The deaths of Michael Brown, Eric Garner and Tamir Rice, and the subsequent protests around their cases have illuminated the fractured relationship between communities of color and law enforcement, and have triggered a national discussion about the current state of policing in America. 

In advance of the release of the Justice Department’s report on the Ferguson Police Department, Brookings’s Governance Studies program convened a panel of experts to help answer the question, what can we do to improve the relationship between minorities and the police?  Here’s what they had to say:

1. Limit arrests by addressing our bloated criminal code

Naomi Murakawa, an Associate Professor at the Center for African American Studies at Princeton University, suggests looking beyond recent White House proposals and “polite policing.” Instead, she proposes focusing on reforms that don’t just address how police are arresting, but rather how much they’re actually arresting—which she believe will help prevent violent incidents:

“About 80% of state court case loads are filled with non-traffic misdemeanor cases… we have a bloated criminal code that we then put on police’s doorstep and ask them to enforce all of it. There’s nothing in taskforce commission that says limit the number of arrests, or stop arresting for misdemeanor offenses.”

2. Hire fewer police

“It’s a question we never really ask: How many police do we really need? We only ask how many police we can afford,” added Jeffery Fagan, a Professor of Law at Columbia Law School. His solution to problems with policing in America? Hire fewer cops:

“My proposal would simply be to really re-think the police in terms of a smaller number of very highly paid professional and seriously well-trained and regulated police officers. Some people who are very different than the past obsession with drugs and guns and gangs. We license barbers, and we should be licensing police.”

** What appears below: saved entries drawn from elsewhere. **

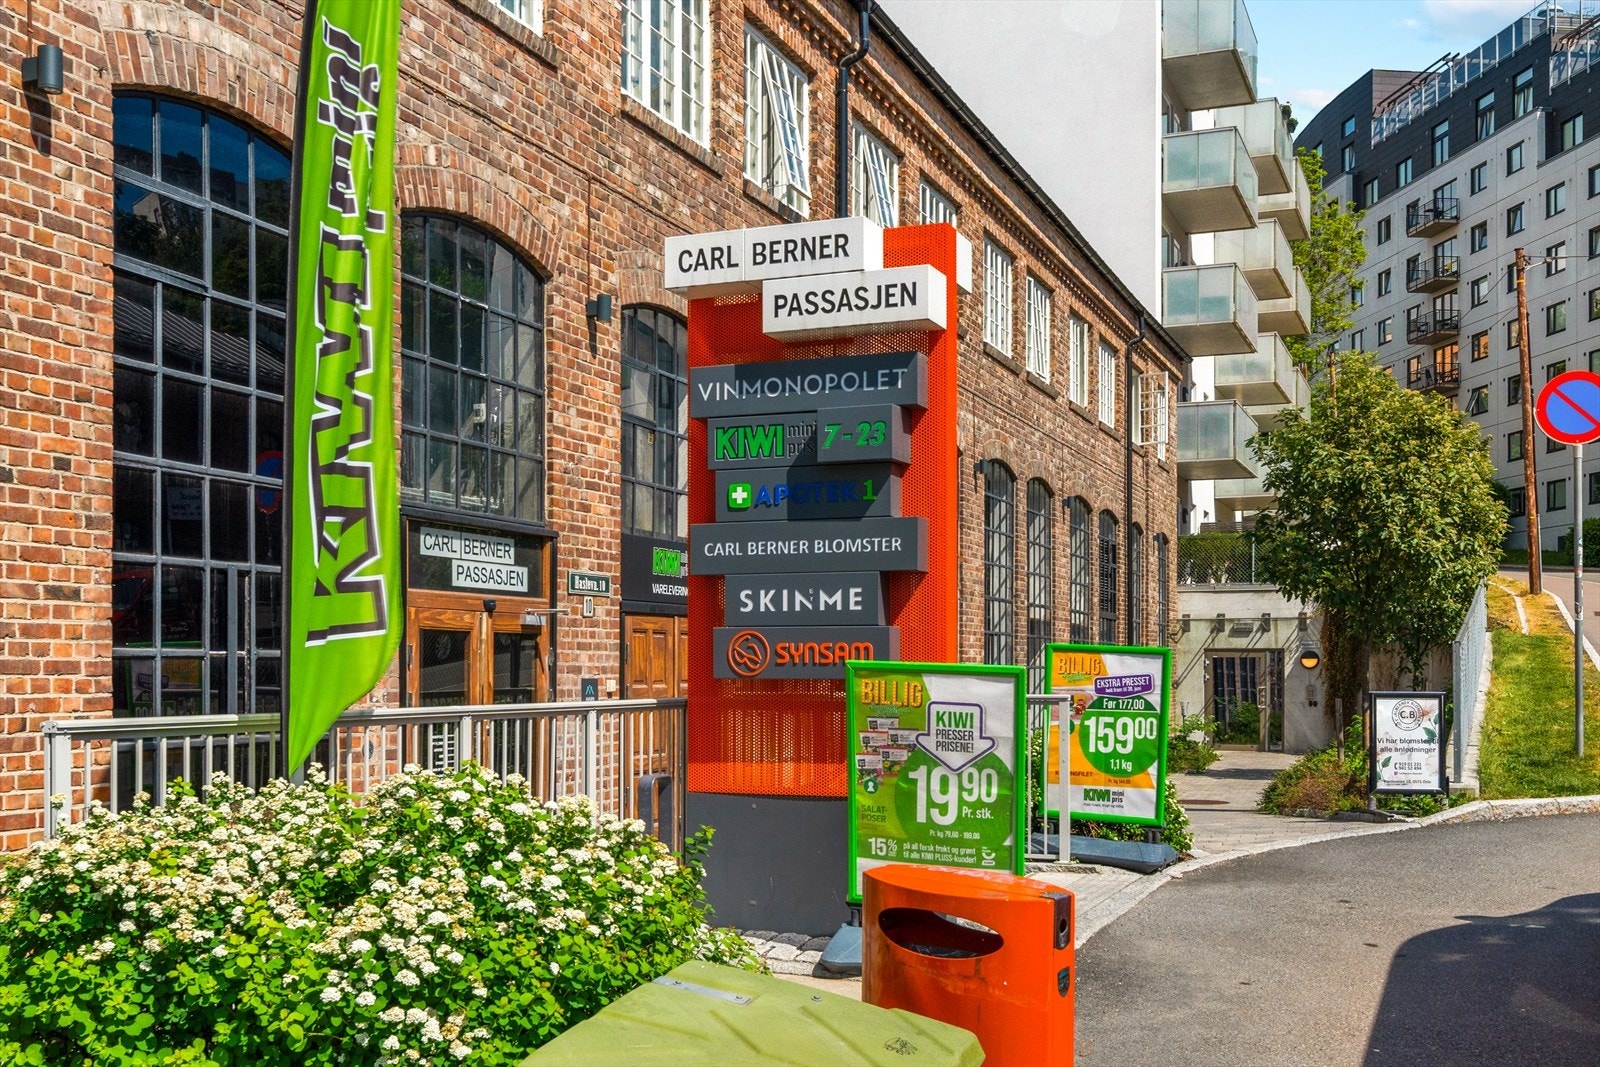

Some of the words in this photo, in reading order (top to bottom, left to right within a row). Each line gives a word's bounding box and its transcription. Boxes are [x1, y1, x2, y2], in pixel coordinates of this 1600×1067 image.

[317, 15, 361, 217] mini
[354, 64, 387, 233] is
[678, 245, 739, 273] CARL
[752, 233, 850, 266] BERNER
[773, 281, 918, 318] PASSASJEN
[698, 369, 908, 402] VINMONOPOLET
[305, 221, 388, 648] KIWI
[714, 423, 785, 461] KIWI
[787, 420, 817, 438] mini
[787, 439, 816, 459] pris
[754, 480, 859, 506] APOTEK
[862, 479, 877, 501] 1
[424, 532, 457, 553] CARL
[463, 537, 512, 560] BERNER
[704, 542, 743, 557] CARL
[747, 540, 809, 555] BERNER
[814, 537, 902, 554] BLOMSTER
[653, 547, 681, 577] KIWI
[456, 565, 524, 587] PASSASJEN
[651, 583, 688, 597] VARELEVERIN
[585, 598, 592, 614] 10
[776, 641, 874, 665] SYNSAM
[1058, 655, 1101, 675] BILLIG
[1096, 679, 1121, 688] EKSTRA
[1121, 676, 1150, 687] PRESSET
[861, 679, 923, 709] BILLIG
[1103, 699, 1117, 710] Før
[1118, 699, 1145, 711] 177,00
[1400, 710, 1416, 719] C.B
[935, 710, 974, 729] KIWI
[935, 729, 974, 742] PRESSER
[935, 740, 974, 754] PRISENE!
[1109, 759, 1121, 770] 1,1
[1121, 759, 1132, 772] kg
[1083, 788, 1111, 803] KIWI
[1111, 789, 1125, 797] mini
[1111, 796, 1124, 804] pris
[861, 804, 888, 815] SALAT-
[861, 814, 887, 823] POSER
[962, 806, 974, 818] Pr.
[975, 806, 994, 819] stk.
[919, 843, 934, 852] fersk
[935, 844, 950, 853] frukt
[951, 847, 959, 855] og

3. Change perspectives on both sides of the issue

Beyond new proposals, D.C. Police Union Chairman Delroy Burton insists that when it comes to addressing race and policing issues in America, perspective is key. As he put it:

“[The police] need to change the way we view people, our tactics, the way we evolve…But the community also needs to change, particularly my community, the black community’s view of the police.

If we don’t get that from each other, we’re going to be here again…when the next situation happens. So I think that the key to moving forward is that we need to see each other, we need to understand each other, we need to carefully view the other person’s perspective and don’t dismiss it like I’ve seen people do on both sides of this issue.”

Watch the full event video here.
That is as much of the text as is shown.